Víctor bajó del coche tan rápido como pudo. Vio una palanca arrecostada a una pared cercana y se llenó de valor; arremetió contra la bruja sin temor a la muerte. Golpeó el cristal de la puerta trasera y lo hizo añicos, solo para percatarse de que ella ya no estaba ahí. Un grito efervescente desgarró su garganta, y luego sintió una presencia detrás.

Con gran agilidad se giró y le pegó a algo, o a alguien. Eufórico, se fijó en su víctima; el mundo se le cayó a los pies cuando contempló el cuerpo de Rachel tendido en el suelo con la cabeza abierta. La sangre llegó hasta sus zapatos, y pudo ver en el reflejo del charco el rostro de la bruja, victoriosa. Una llama de furia lo quemaba por dentro, no sentía pena por su esposa, sentía odio por la bruja que lo puso en esa situación.

—¿Papá? —dijo Pedri, asomando la cabeza por la puerta del garaje.

—No Pedri, tú no —masculló Víctor ahogado por el llanto naciente—. No puedes estar aquí.

La bruja se acercó por detrás y volvió a susurrarle al oído.

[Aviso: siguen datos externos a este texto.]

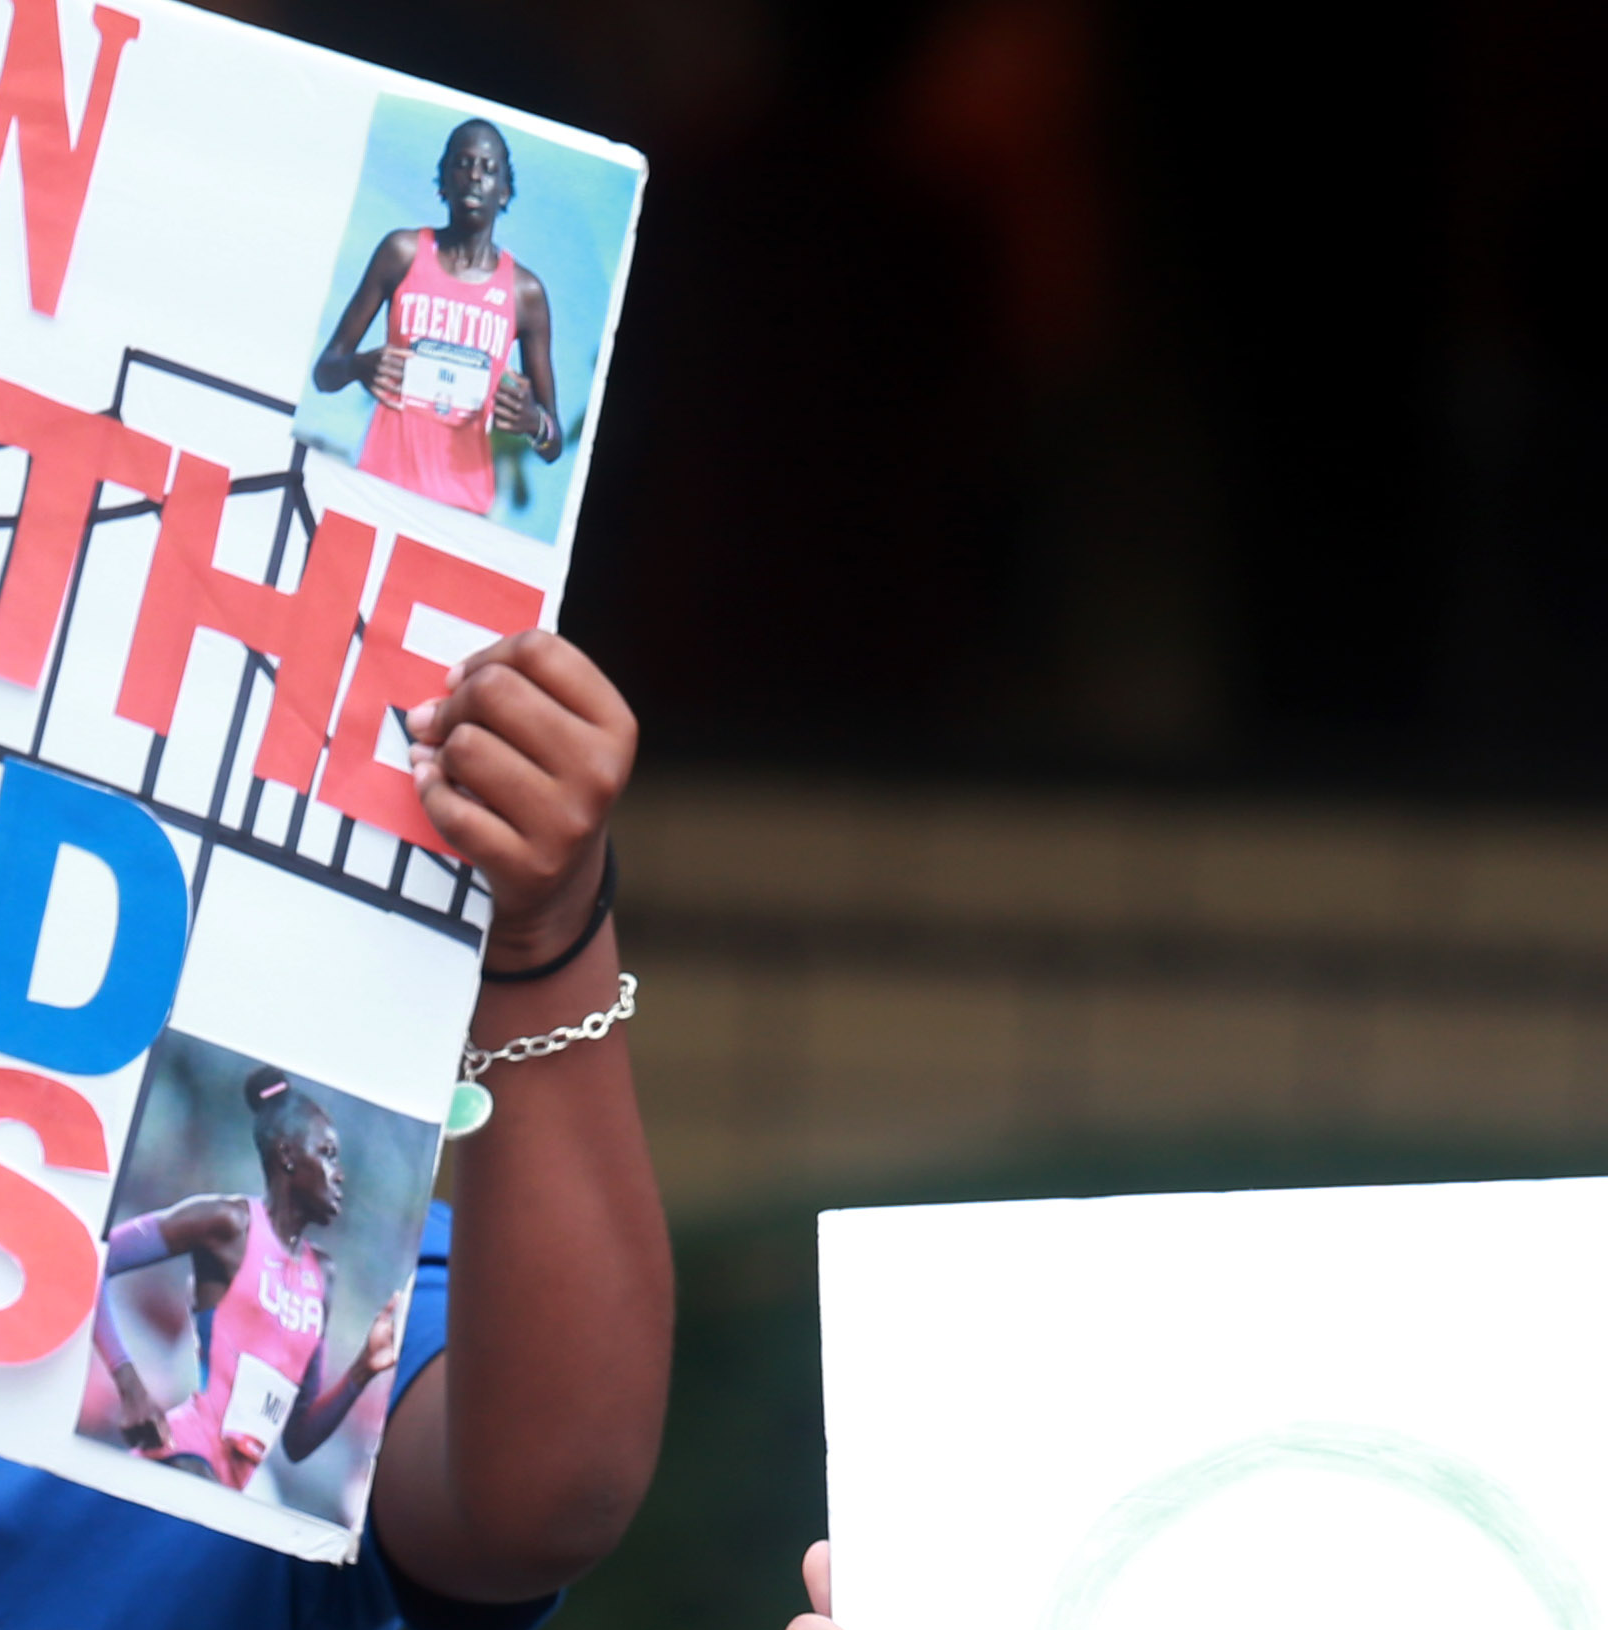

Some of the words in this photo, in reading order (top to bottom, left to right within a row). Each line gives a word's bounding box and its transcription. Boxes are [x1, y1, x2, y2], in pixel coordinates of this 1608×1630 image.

[400, 293, 508, 359] TRENTON
[258, 1270, 324, 1339] USA
[261, 1392, 283, 1425] MU
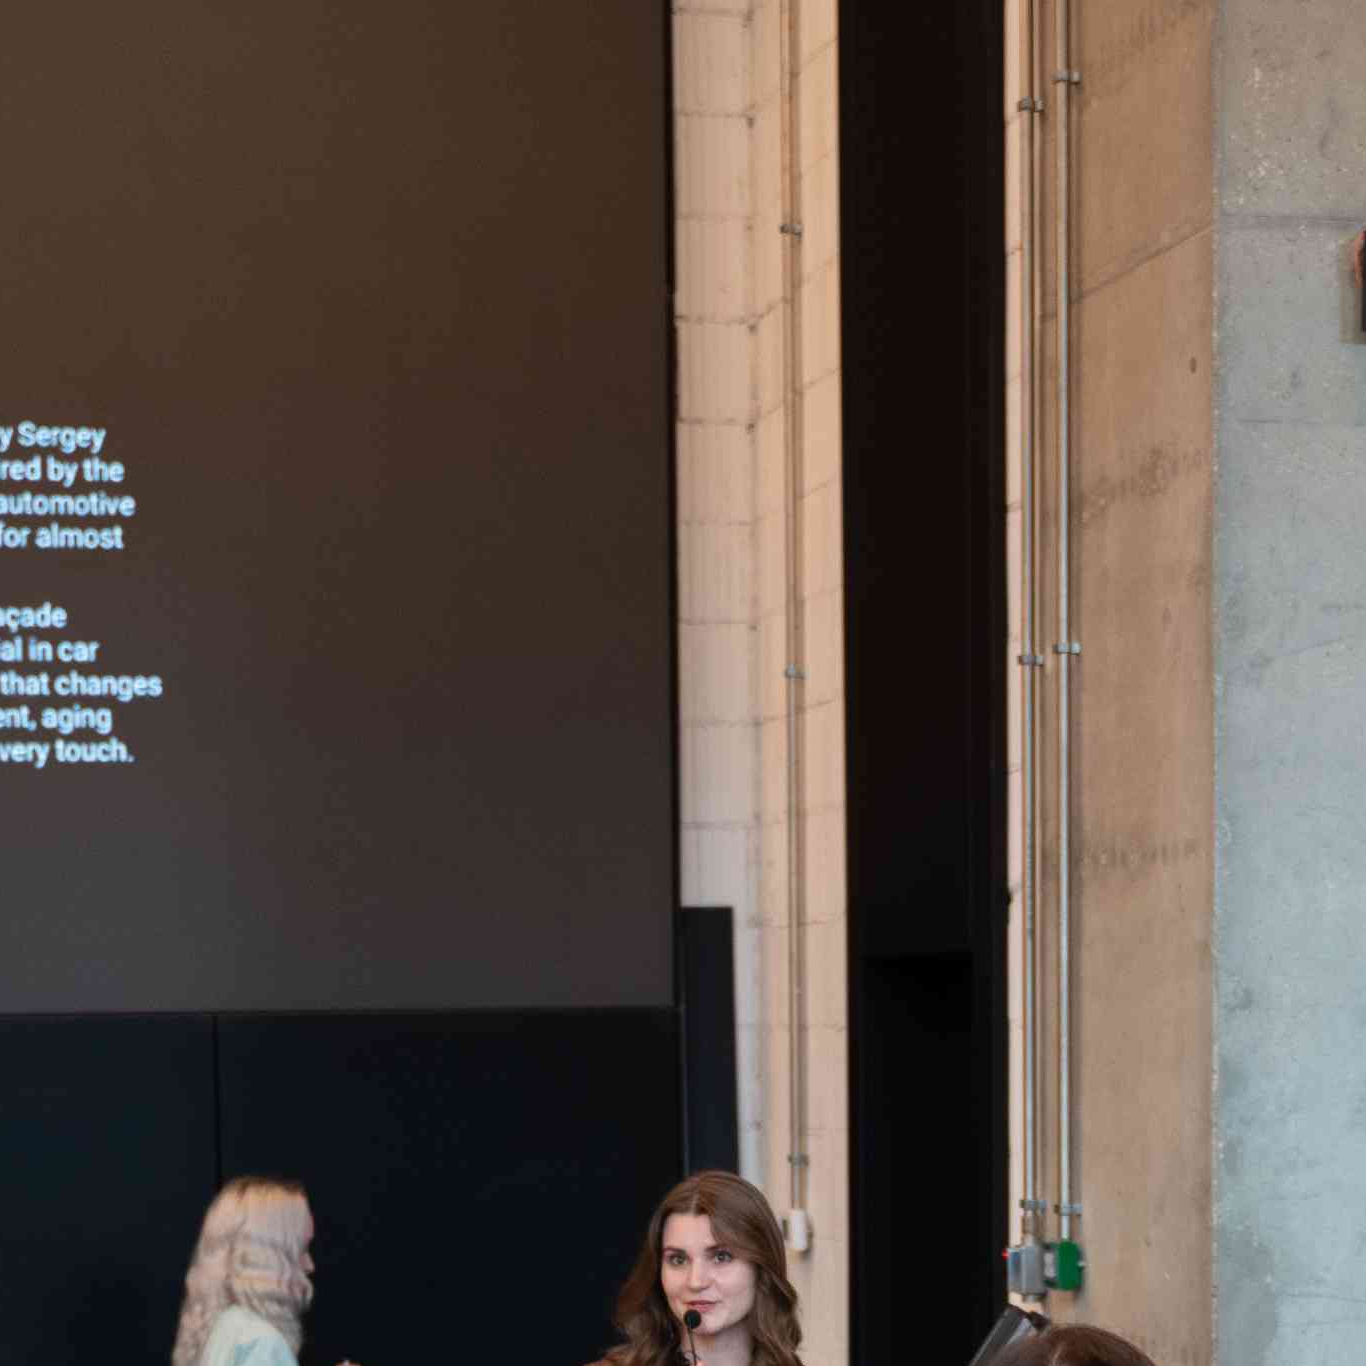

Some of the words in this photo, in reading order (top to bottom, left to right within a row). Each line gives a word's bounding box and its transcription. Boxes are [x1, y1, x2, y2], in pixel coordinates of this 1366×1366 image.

[17, 420, 106, 455] Sergey
[46, 455, 79, 487] by
[82, 456, 125, 483] the
[35, 522, 124, 550] almost
[28, 637, 53, 662] in
[57, 641, 99, 662] car
[54, 670, 163, 702] changes
[41, 704, 112, 735] aging
[54, 736, 134, 763] touch.
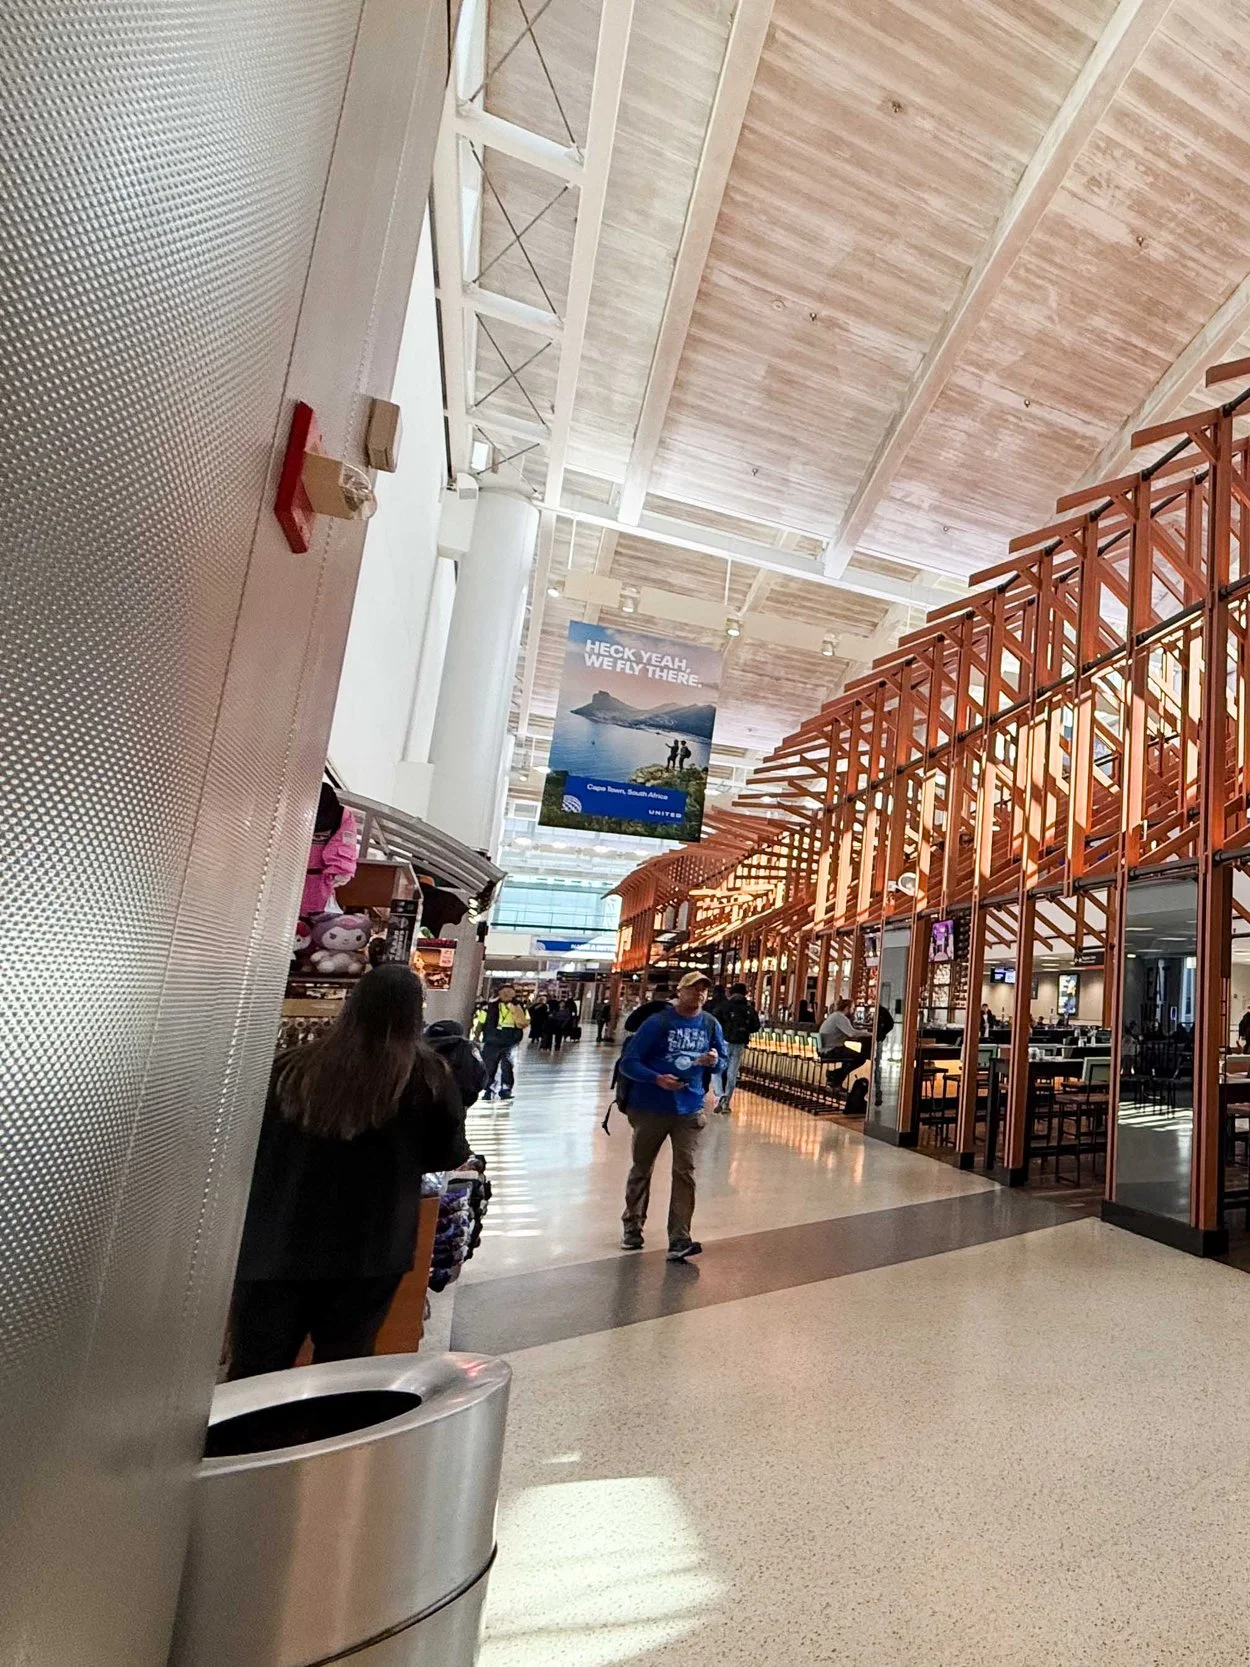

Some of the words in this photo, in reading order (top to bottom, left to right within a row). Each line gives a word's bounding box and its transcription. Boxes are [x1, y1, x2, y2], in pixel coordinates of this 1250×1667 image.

[586, 640, 636, 660] HECK
[640, 650, 690, 673] YEAH,
[584, 653, 613, 670] WE
[616, 660, 642, 675] FLY
[647, 666, 702, 688] THERE.
[587, 783, 606, 792] Cape
[607, 786, 626, 795] Town,
[627, 789, 647, 797] South
[648, 791, 668, 800] Africa
[648, 809, 682, 818] UNITED

—Cada muerte es peor que la anterior, gozaré matando a tu hijo como no eres capaz de imaginar.

Víctor lanzó la palanca por los aires, en un vano intento de golpearla. Luego corrió hasta su hijo.

—Pedri, escúchame —puso las manos alrededor de la cara del niño, obligándolo a sostener la mirada fijamente—. Te quiero, te amo. Lo eres todo para mí. Pero ella nos persigue, y algún día te tocará a ti pasar por lo que estoy pasando yo. Solo hay una manera de que escapes de ese terrible destino —con un movimiento rápido y enérgico, torció el cuello de su pequeño hijo.

Los ruidos alertaron a los vecinos, y una hora después la casa estaba rodeada de patrullas. Cuando los oficiales entraron al garaje, primero encontraron el cadáver del niño. Las arqueadas salieron involuntarias de los más escrupulosos agentes, mientras observaban a los dos adultos, uno al lado del otro. Raquel desangrada por la cabeza, y Víctor por las muñecas. Un texto escrito en sangre resaltaba en la puerta delantera del carro: “Ella acabó con nosotros, ella es la culpable, pero se ha terminado, la he ahuyentado para siempre, no queda nadie más a quien matar de la familia maldita”.